Я отпускаю ручку двери и медленно разуваюсь. Потом иду к столу и сажусь рядом с ней. Миссис Хон совершенно невозмутима. Меня это слегка успокаивает, но не до конца. Она показывает на цветок в чаше на подоконнике.

— На солнце он особенно прекрасен, ты согласна? — спрашивает она.

— Ну пожалуй, — говорю я.

— Каждые два-три дня я покупаю на рынке новый, хотя мне это не по средствам. Посмотри, как солнце подчеркивает переливы цвета. Можно различить прожилки в каждом лепестке.

Настолько внимательно я не вглядывалась.

— Когда-то этот цветок был семечком, — продолжает она. — Он был погребен в холодной темной земле. В один прекрасный день, когда почва стала теплая и влажная, маленькое семечко пробилось сквозь оболочку и потянулось к свету, которого не могло видеть. Представь себе его мужество! Оно не знало, что его ждет на поверхности. Обжигающее солнце? Нож садовника? Тяжелое копыто коровы? Но семечко отважно тянулось вверх, чтобы однажды стать прекрасным цветком. — Она указывает пальцем на меня. — Тебе нужно быть мужественной, как семечко, Анна. Иначе так и останешься под землей, сгниешь и умрешь. Неважно, насколько ты умная, насколько красивая, сколько у тебя денег и друзей. Без мужества ты никогда не расцветешь, как тебе суждено расцвести.

— С мужеством у меня не очень.

Она приподнимает бровь.

— У тебя его больше, чем ты думаешь. Чтобы прийти сюда сегодня, тебе потребовалось много мужества. И ты не сказала этому ужасному человеку то, что он хотел услышать.

— Я уже готова была ему все сказать, — признаюсь я.

— Может быть. Но не сказала же. — Она идет в угол, оборудованный под кухню, и начинает наводить порядок после обыска. — Скажи мне, Анна, — говорит она, ставя посуду на место, — ты знаешь, что это за цветок?

Я смотрю на чашу на подоконнике.

— Похоже на гибискус, — говорю я. — У нас такой куст во дворе есть.

— Молодец, правильно. Он родственник гибискуса, тоже из семейства мальвовых. — Она достает тряпку и тщательно вытирает кухонную стойку. — В Корее его называют мугунхва. Ты когда-нибудь о таком слышала?

— Кажется, кто-то из экскурсоводов говорил нам, что он используется в корейской архитектуре. Что-то насчет дома Ли.

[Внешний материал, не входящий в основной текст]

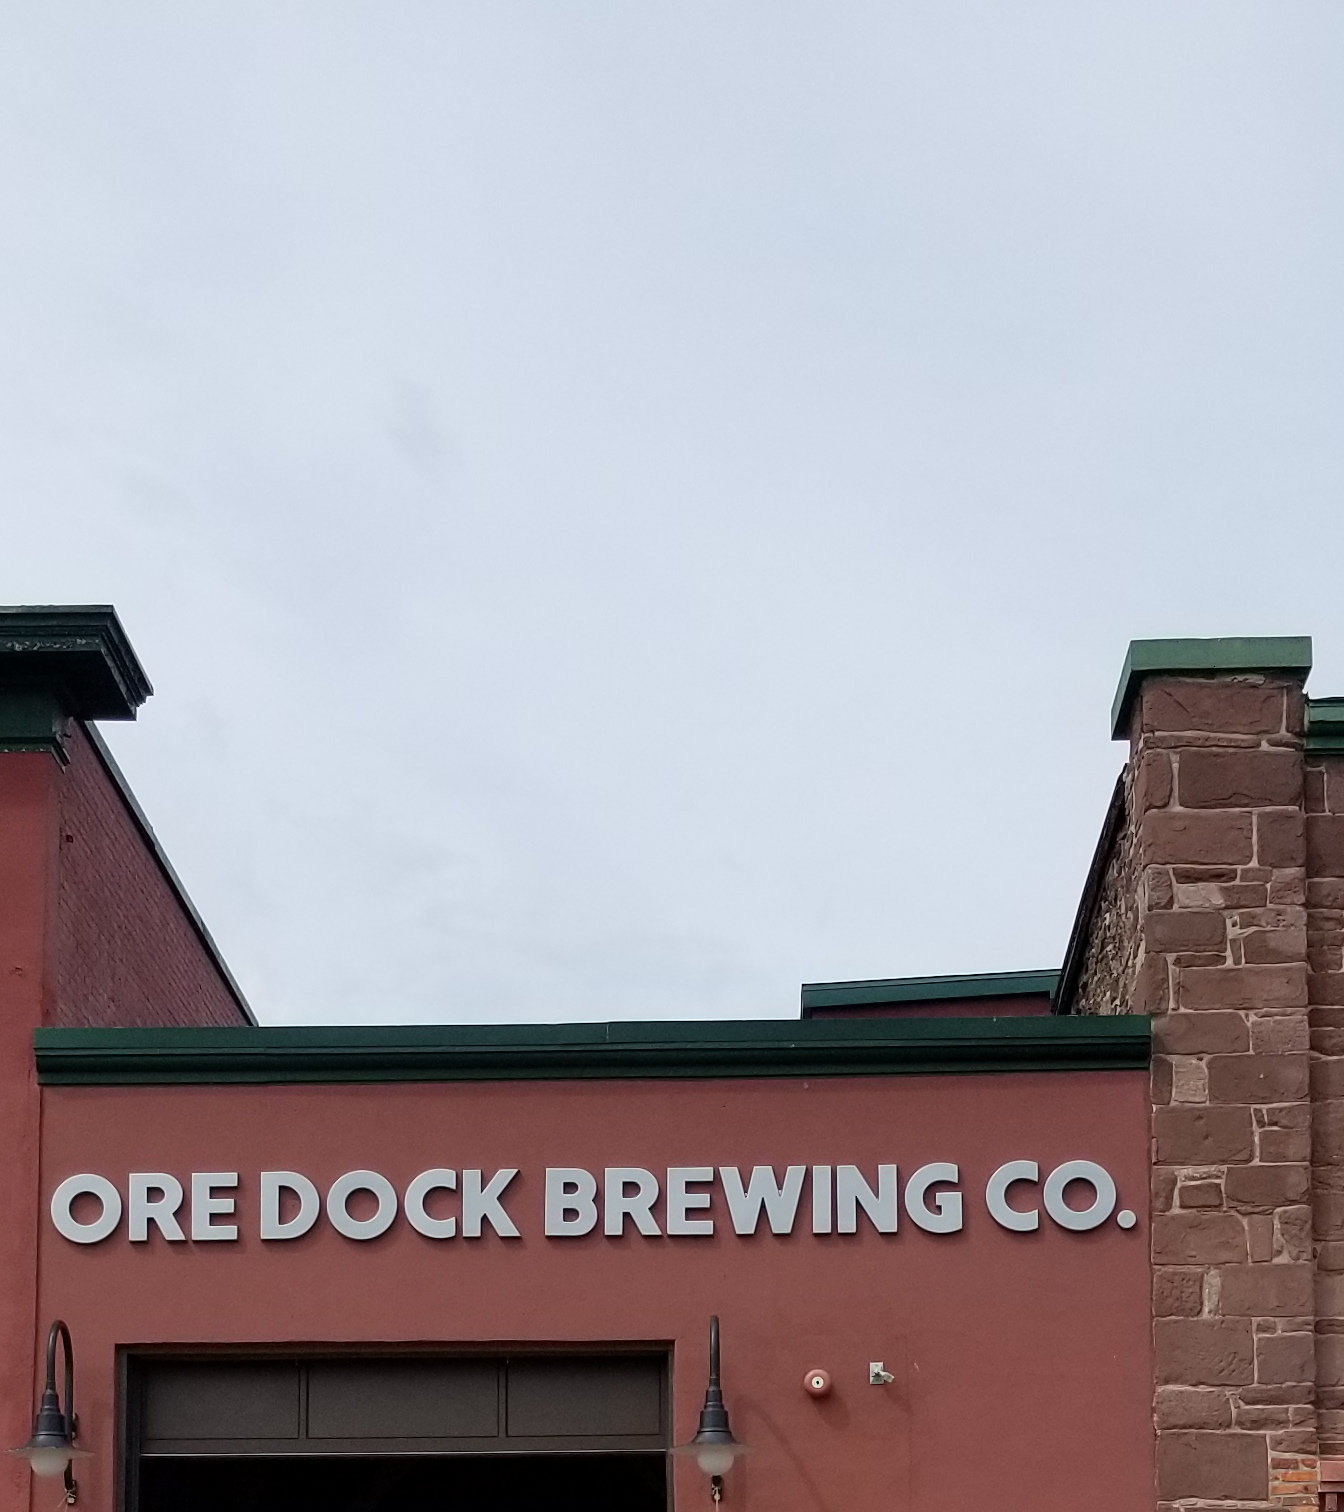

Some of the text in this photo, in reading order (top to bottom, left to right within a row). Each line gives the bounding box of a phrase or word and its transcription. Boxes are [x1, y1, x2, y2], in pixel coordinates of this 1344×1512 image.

Она стоит у плиты, которую разобрали полицейские. Обыскав плиту, они ее снова собрали, но миссис Хон перепроверяет каждую деталь, а заодно и моет с таким усердием, с каким большинство чистят плиту раз в год или два.

— А еще что-нибудь вам экскурсовод сказал? — спрашивает она.

— Не помню, — говорю я. Мне никак не удается справиться с тревогой. Я не хочу обсуждать цветок мугунхва или дом Ли. Я боюсь, что сейчас опять ворвутся мистер Кван и Брюс Уиллис и арестуют меня. Все, о чем я мечтаю, — это убраться отсюда подальше.

Миссис Хон, все еще стоящая у плиты, поворачивается ко мне и хмурится.

— Надо быть внимательнее, — говорит она. — Мугунхва

был символом корейской династии Чосон. Дом Ли правил Кореей с четырнадцатого века до тех пор, пока в 1910 году японцы не аннексировали нашу страну и не превратили Корею в зависимое государство.

— Да, японцы просто ужасно себя повели, — киваю я.

— И американцы тоже, — добавляет миссис Хон.

— Американцы?

Она с расстроенным видом оглядывает квартиру.

— Придется потом убрать тут как следует.

— Вы серьезно? — удивляюсь я. — По-моему, у вас и так чисто. Идеально чисто, я бы сказала.

Миссис Хон вздыхает, ставит на плиту еще один чайник с поричха, возвращается к столу и садится напротив меня.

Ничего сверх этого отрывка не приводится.